Work to complete: Every record below is to be repeated exactly, with the pictures left out.
*** Opening of Provided entries ***
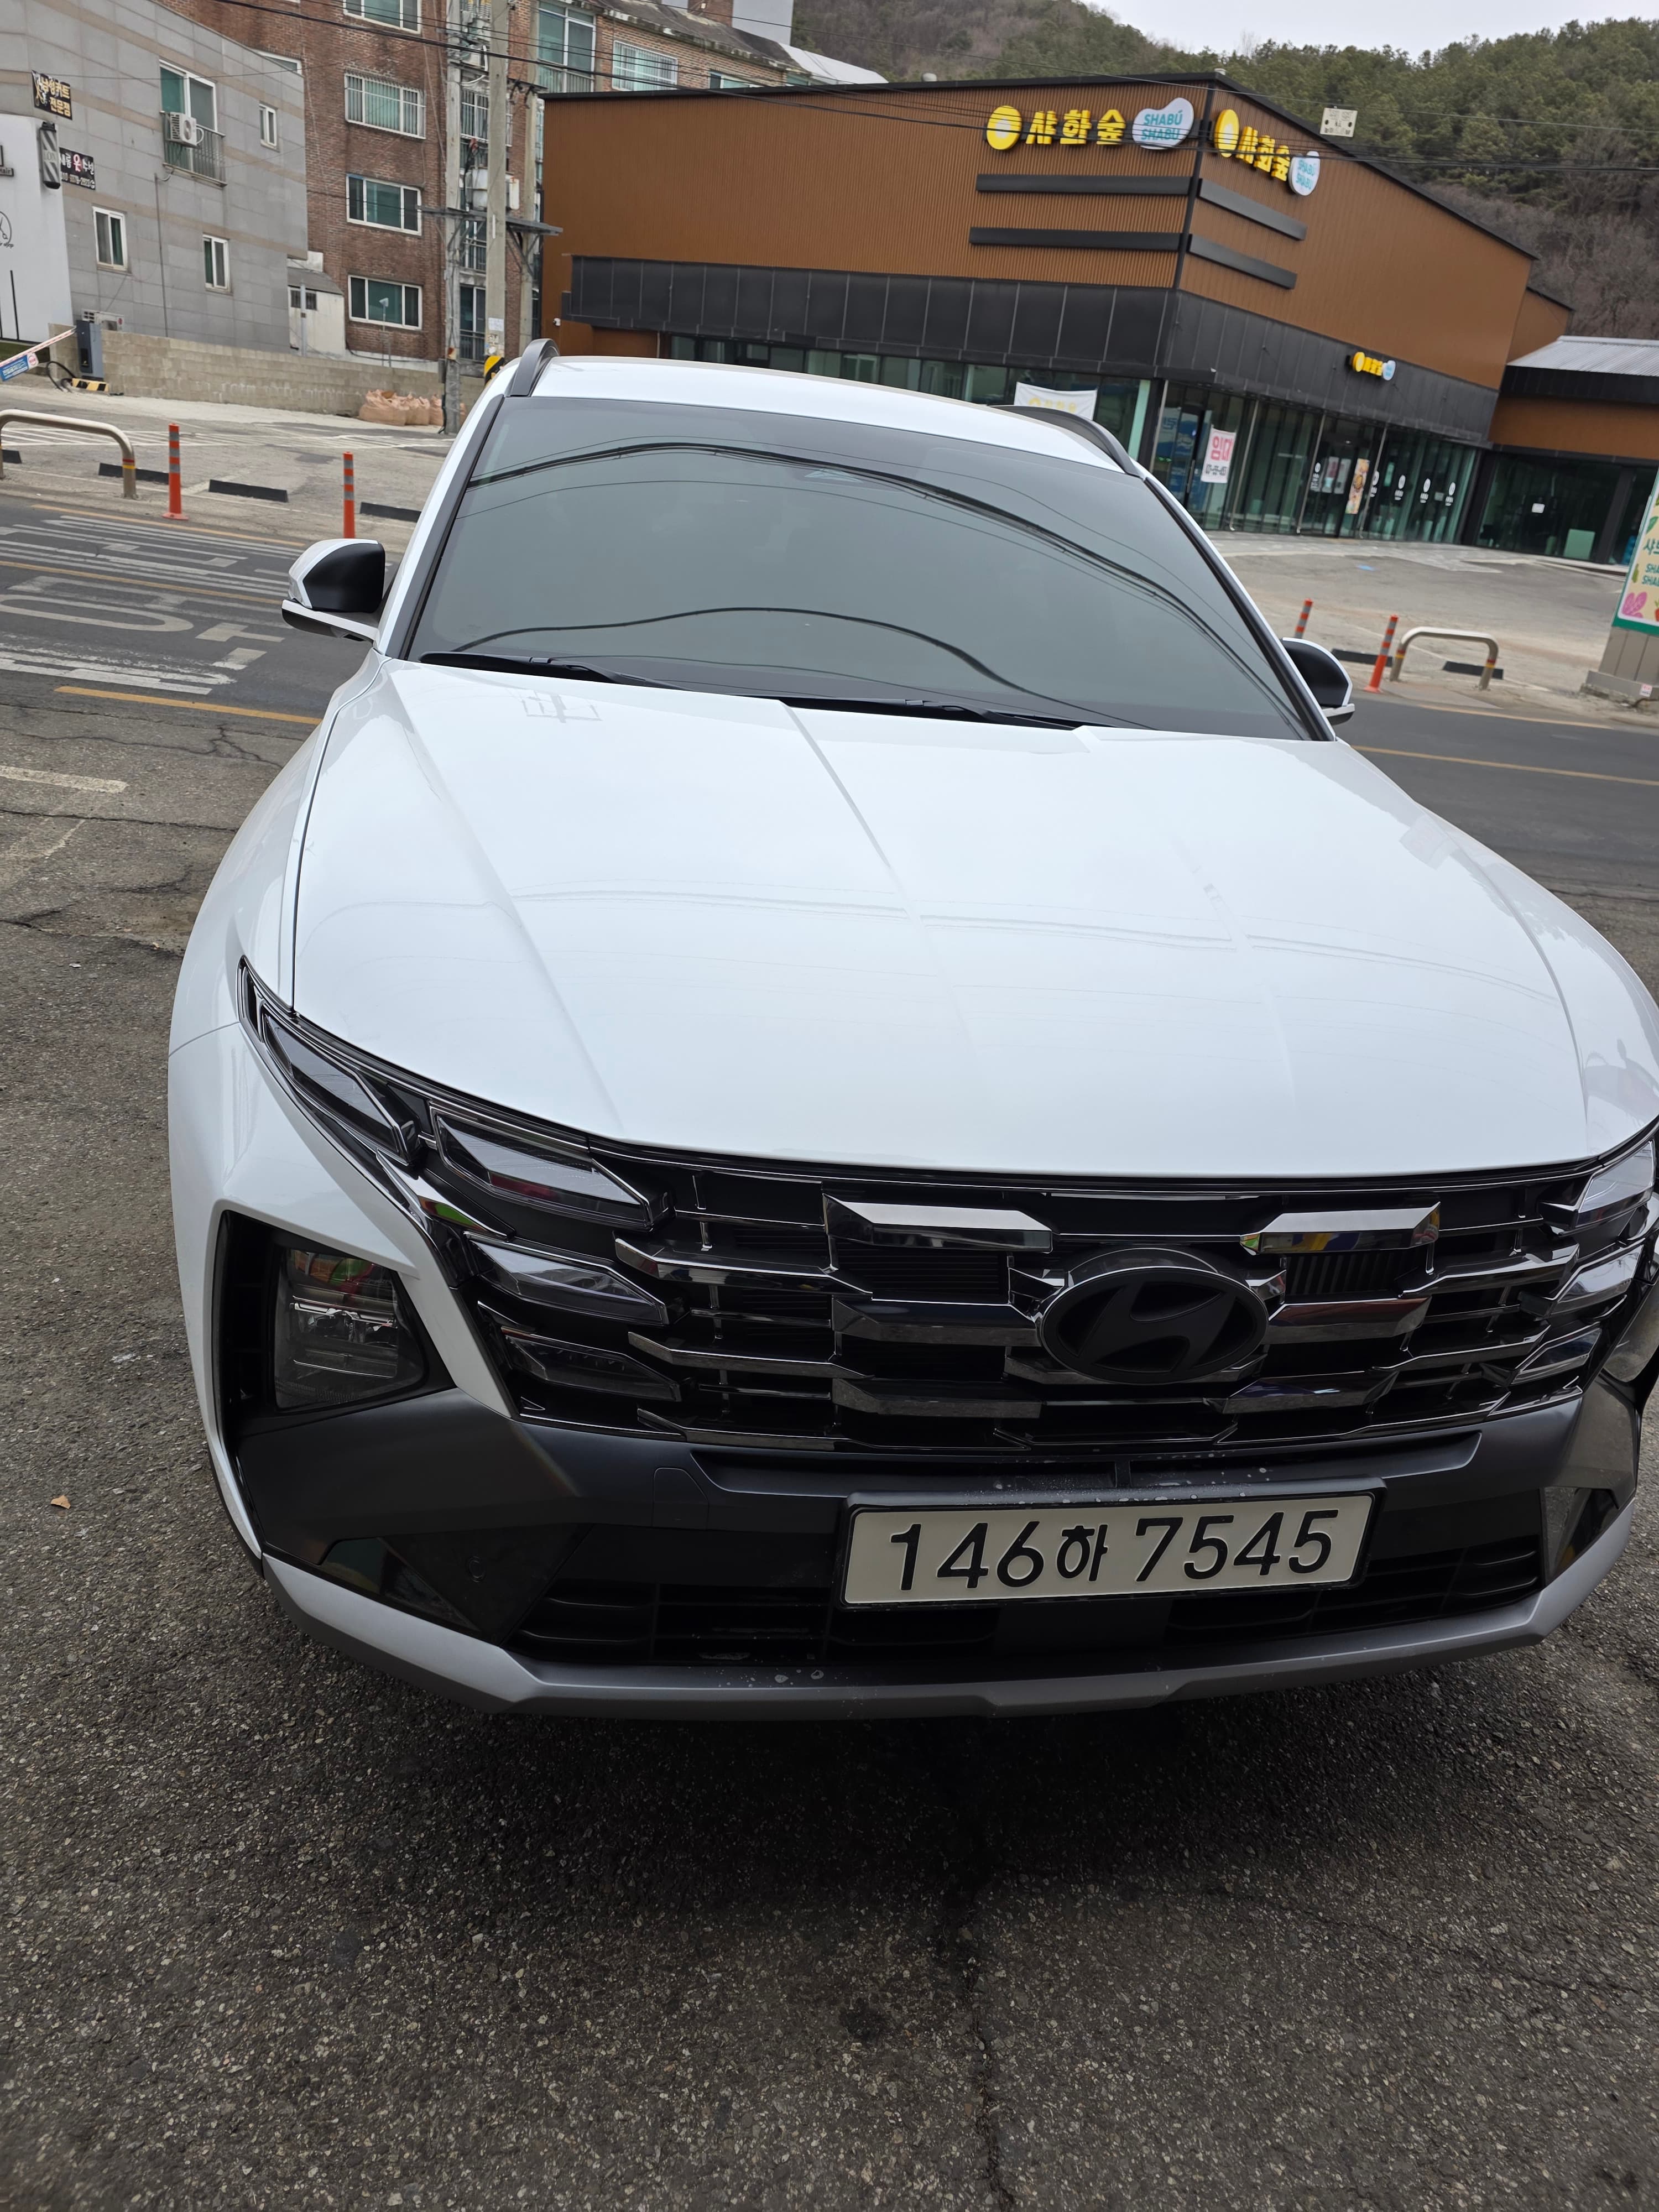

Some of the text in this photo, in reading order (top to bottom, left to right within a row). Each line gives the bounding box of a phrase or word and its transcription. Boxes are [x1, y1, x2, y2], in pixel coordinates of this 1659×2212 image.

[50, 97, 71, 117] 전문점
[1211, 436, 1233, 461] 임대
[891, 1510, 1338, 1590] 146하 7545
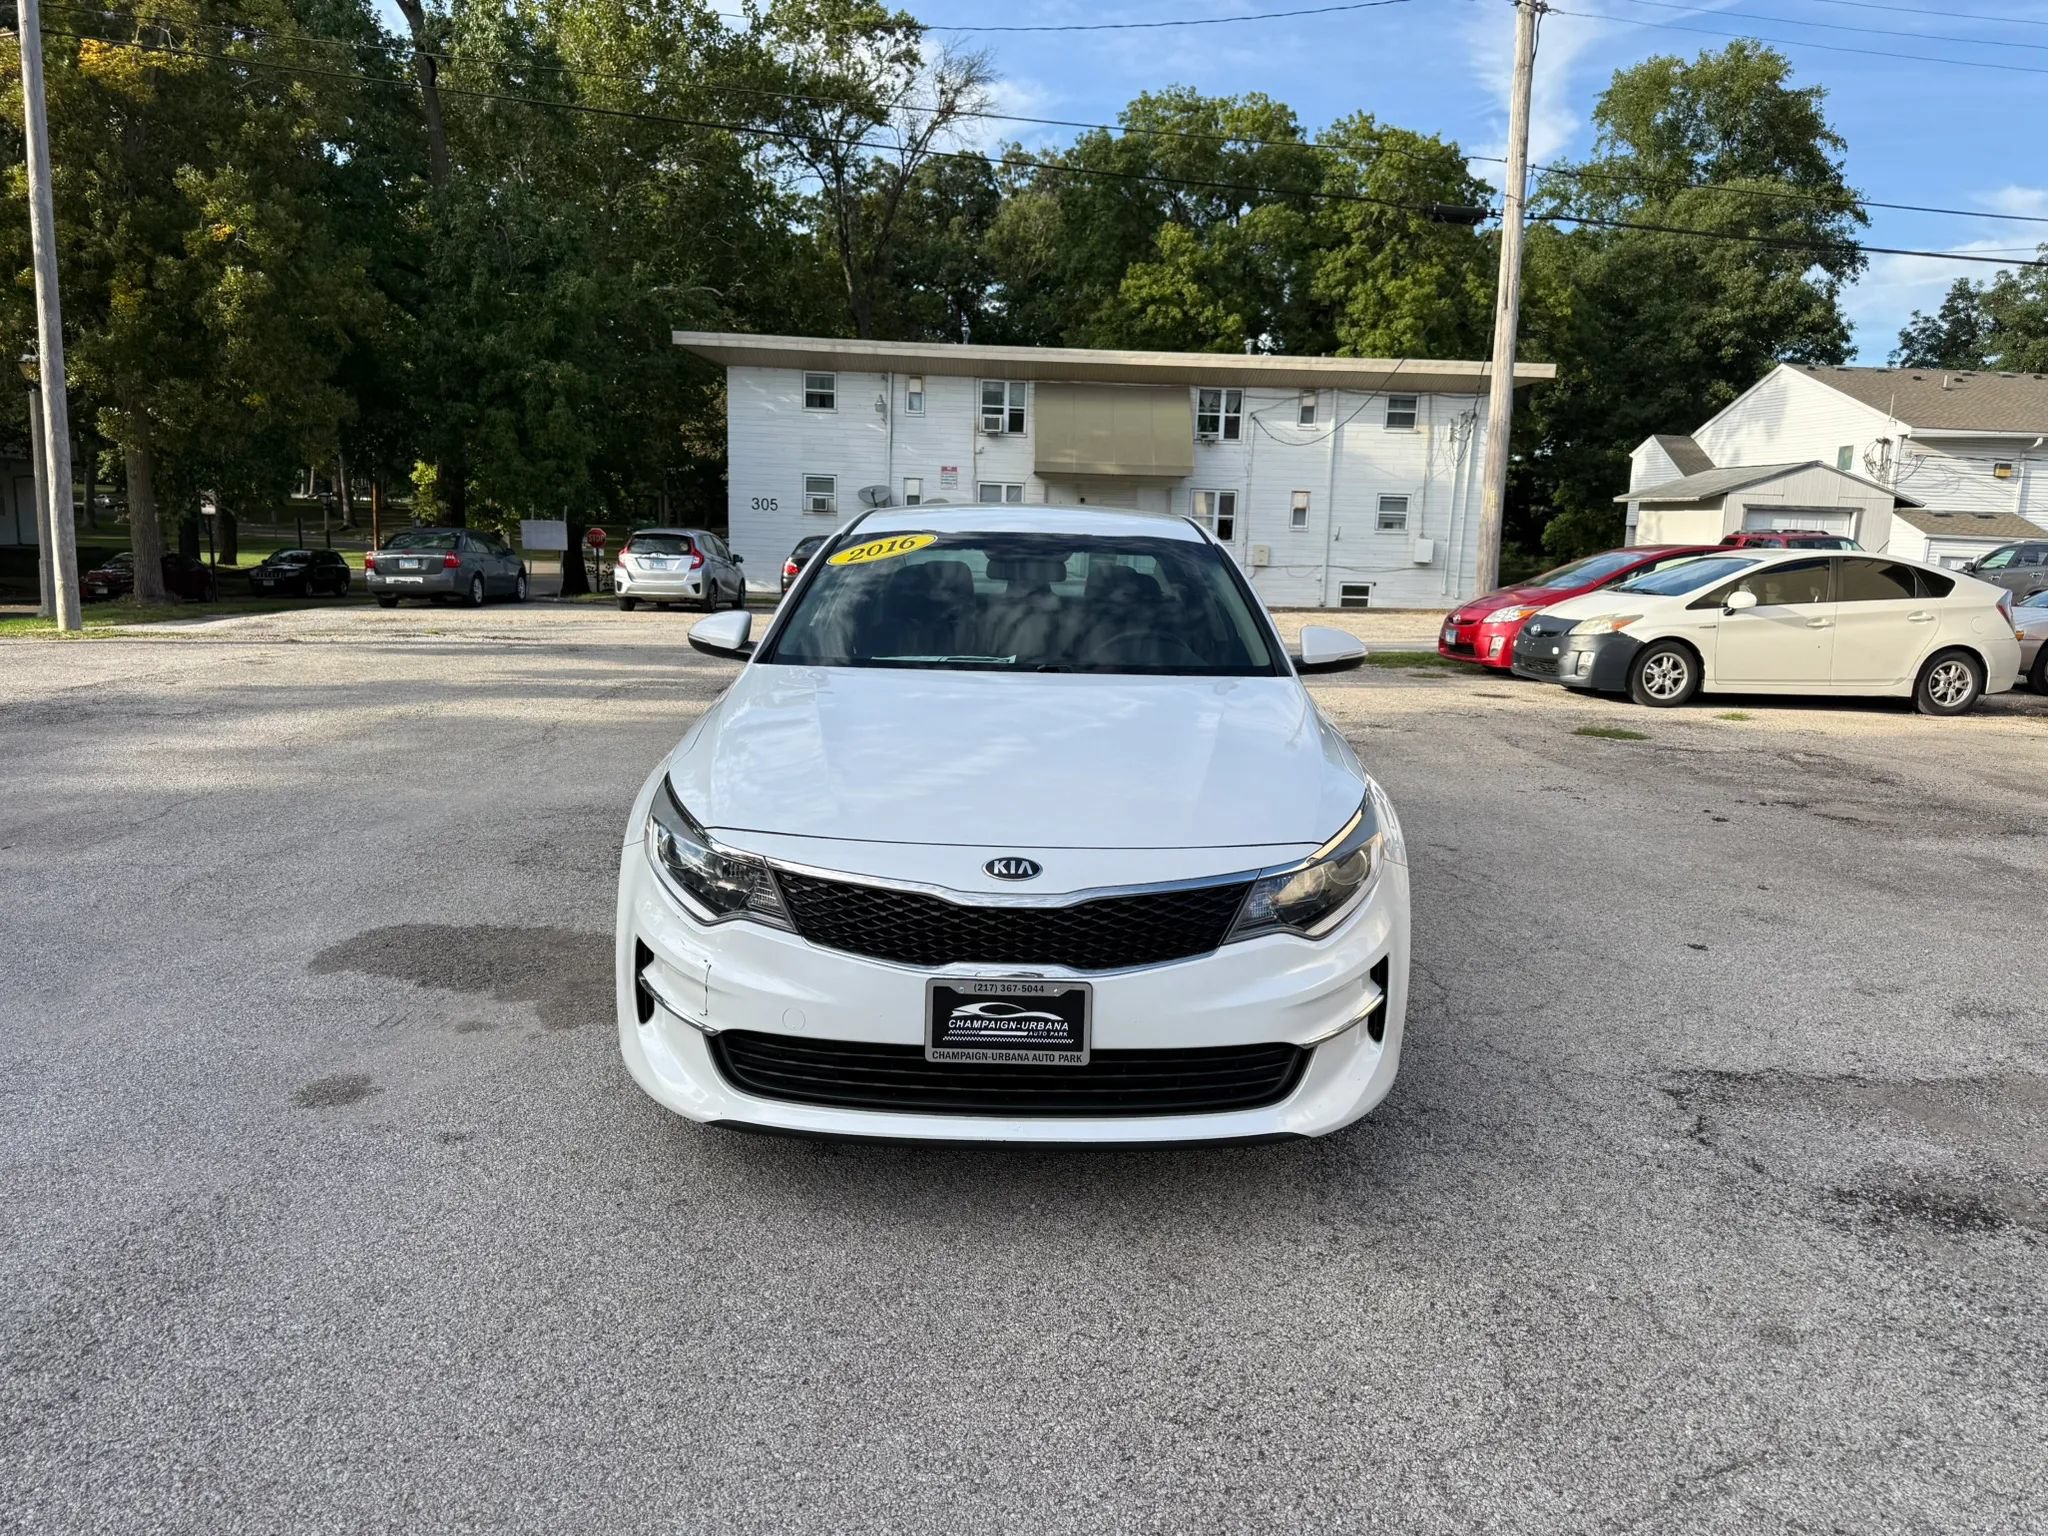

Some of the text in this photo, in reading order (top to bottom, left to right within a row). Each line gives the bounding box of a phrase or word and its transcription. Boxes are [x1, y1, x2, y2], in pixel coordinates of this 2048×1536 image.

[751, 497, 778, 511] 305
[847, 536, 917, 562] 2016
[993, 860, 1033, 875] KIA
[973, 983, 1044, 993] (217) 367-5044
[948, 1019, 1069, 1031] CHAMPAIGN-URBANA
[932, 1051, 1082, 1063] CHAMPAIGN-URBANA AUTO PARK
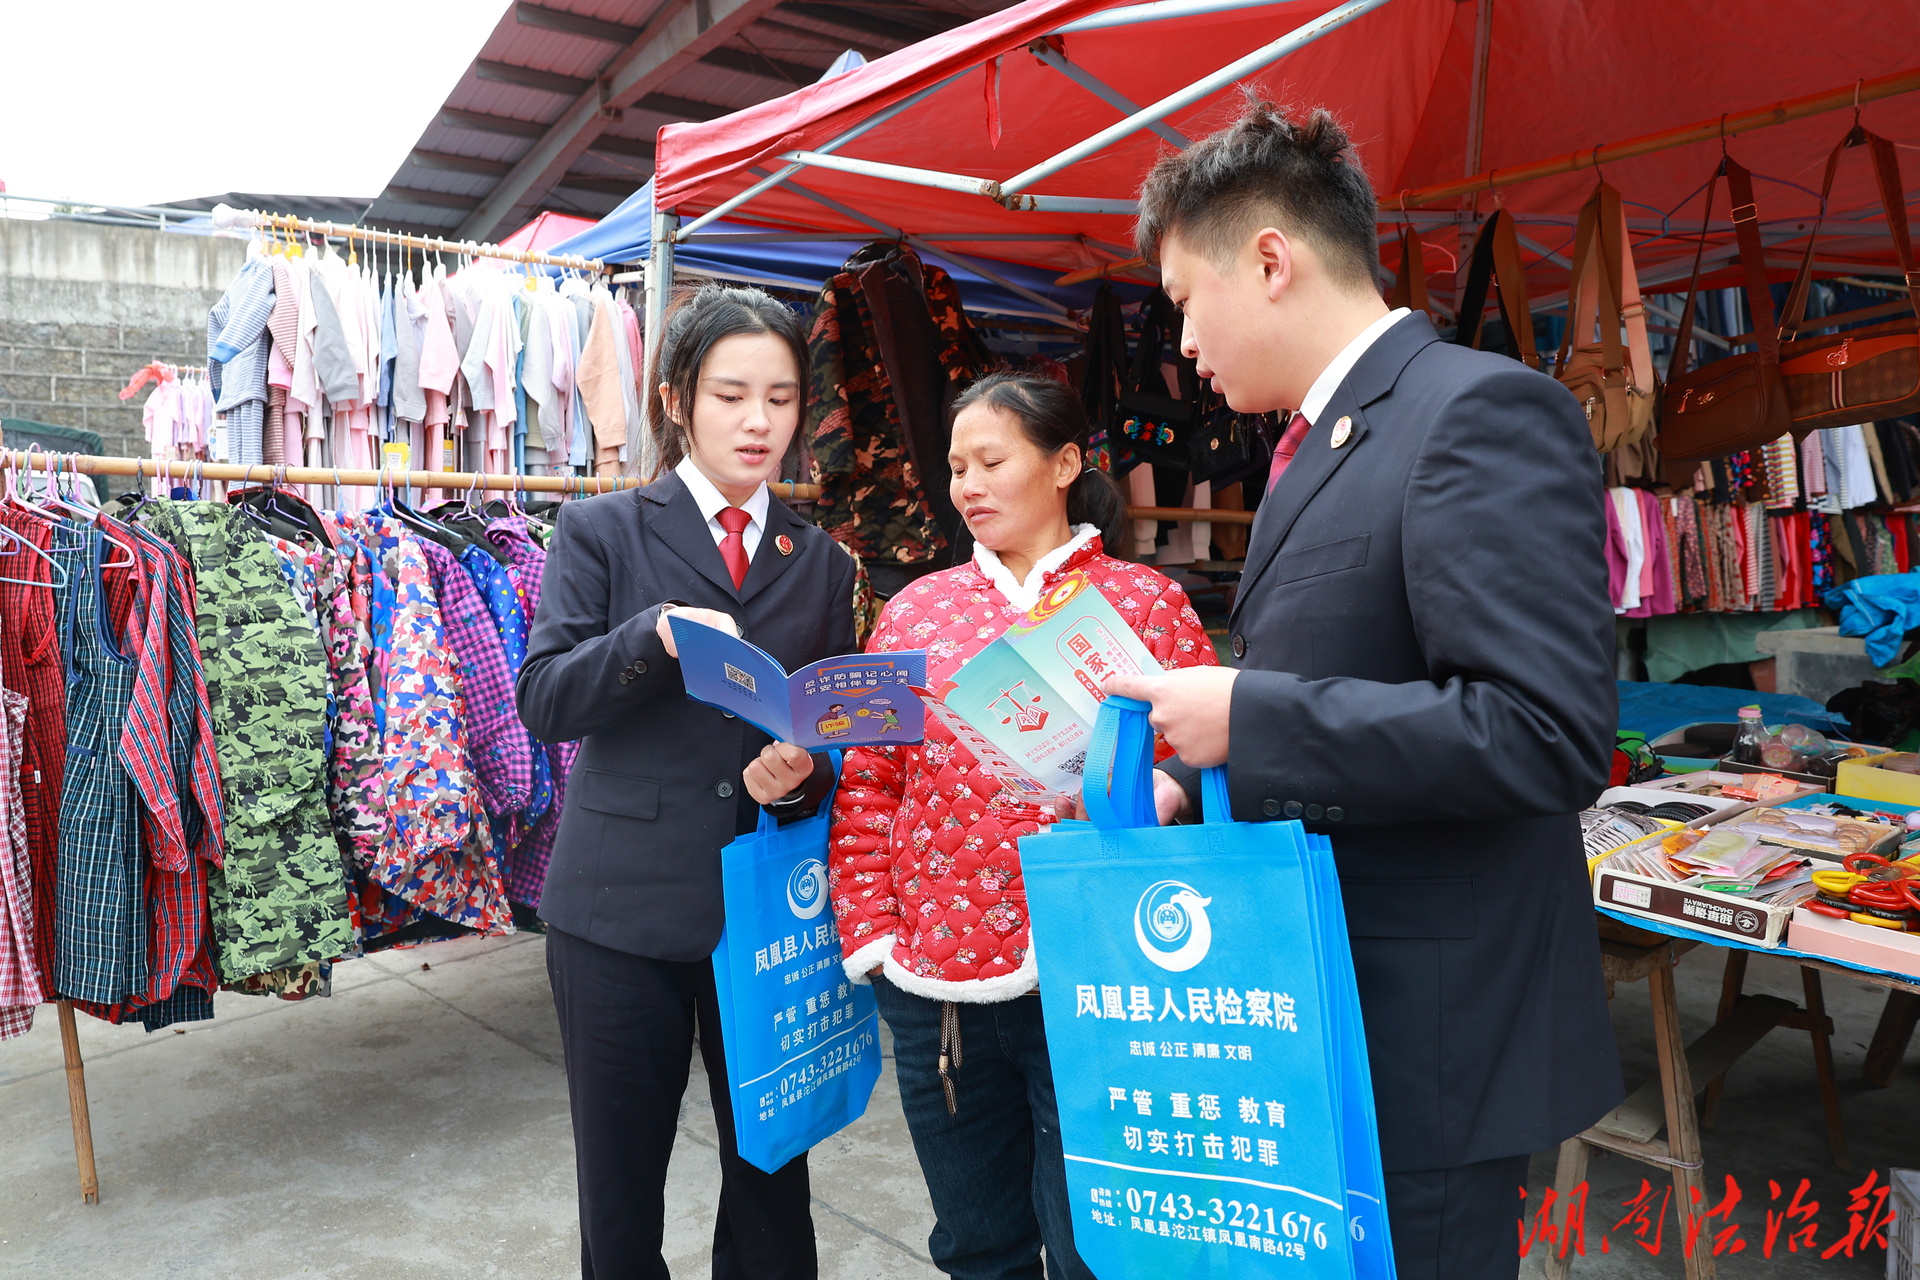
*** Close of Provided entries ***
Task response:
Some of the text in this photo, in reading order (top to bottom, left to right within a row). Each line gives the bounding box of a phrase or word and its transcription. Boxes are [x1, y1, x2, y2], in pixel coordinates of this 1659×2212 image.

[50, 97, 71, 117] 전문점
[1211, 436, 1233, 461] 임대
[891, 1510, 1338, 1590] 146하 7545

Some of the text in this photo, in reading order (top to bottom, left to right within a row). Each line gives the bounding box of a phrase or word and its transcription. Boxes are [x1, y1, x2, y2], in pixel coordinates of this 2048×1536 image.

[751, 497, 778, 511] 305
[847, 536, 917, 562] 2016
[993, 860, 1033, 875] KIA
[973, 983, 1044, 993] (217) 367-5044
[948, 1019, 1069, 1031] CHAMPAIGN-URBANA
[932, 1051, 1082, 1063] CHAMPAIGN-URBANA AUTO PARK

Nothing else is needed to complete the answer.